No final, numa homenagem ao público, a orquestra tocou uma versão sinfónica da que ficou conhecida por Marcha do MFA, que fez estremecer de emoção os que viveram a Revolução dos Cravos e lembrou aos jovens, nascidos depois do 25 de Abril, a exaltação de um momento histórico que tem sido delapidado pelos partidos do chamado arco governativo, dando-lhes um suplemento de alma para lutar contra este estado de coisas.

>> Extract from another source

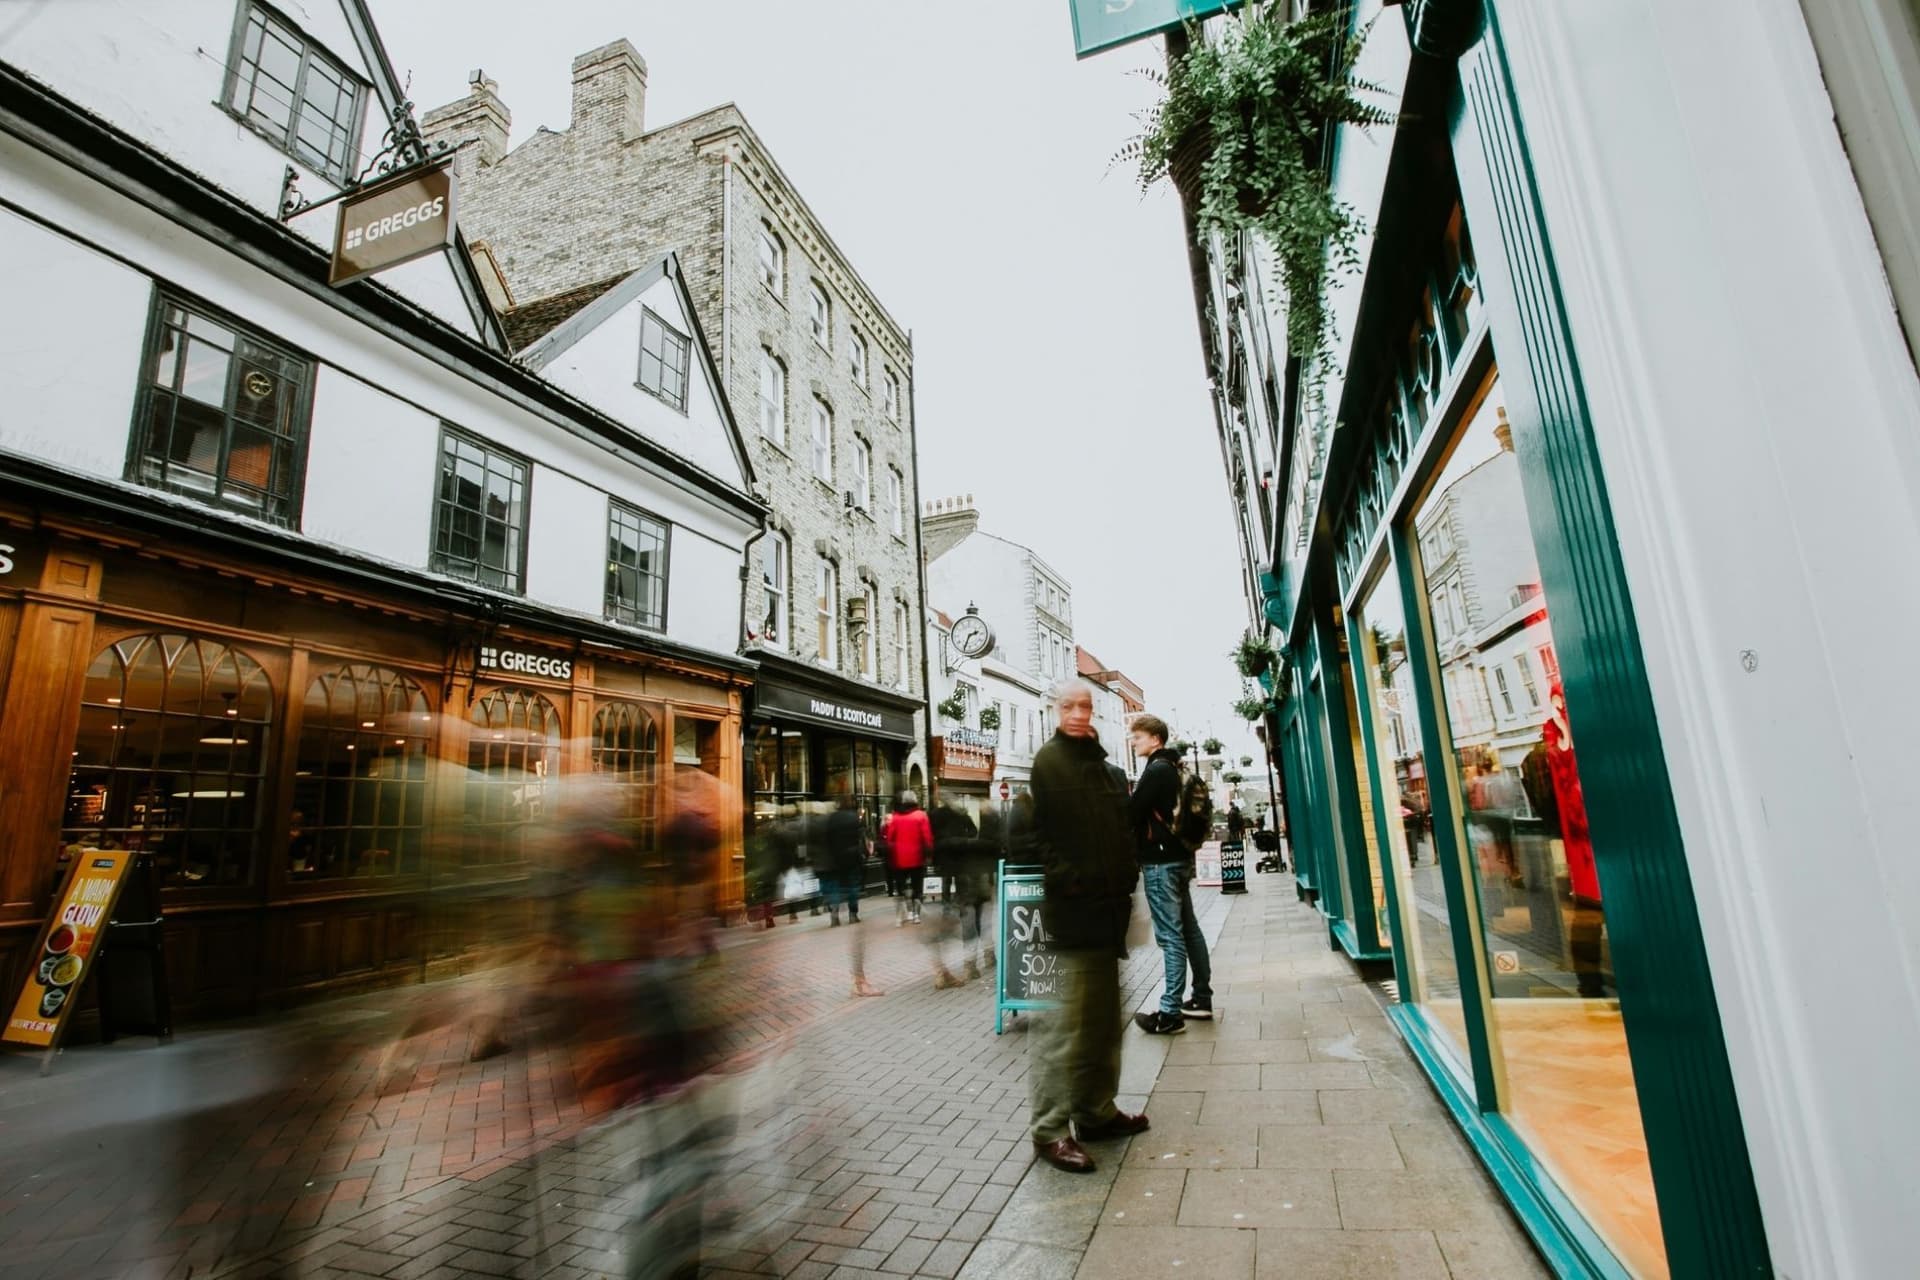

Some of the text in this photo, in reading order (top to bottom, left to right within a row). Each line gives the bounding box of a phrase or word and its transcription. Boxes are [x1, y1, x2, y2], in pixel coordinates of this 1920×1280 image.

O serviço público, cultural e político, que a Festa do Avante! faz, desde a sua primeira edição, sendo pioneira em Portugal de muitos eventos, teve neste concerto, um dos melhores a que já se assistiu no Palco 25 de Abril, um ponto alto. Para o ano lá estaremos todos os que gostam de música num fraterno convívio que ultrapassa, para quem não tem estúpidos preconceitos, fronteiras políticas.

Últimas notas: durante todo o concerto, o programa era extenso, poucas movimentações houve entre os milhares que a ele assistiram e não foi preciso pedir para desligar os telemóveis, não se ouviram.

Como sempre, o Programa da Festa tem anotações cuidadas e muito bem organizadas de João de Freitas Branco.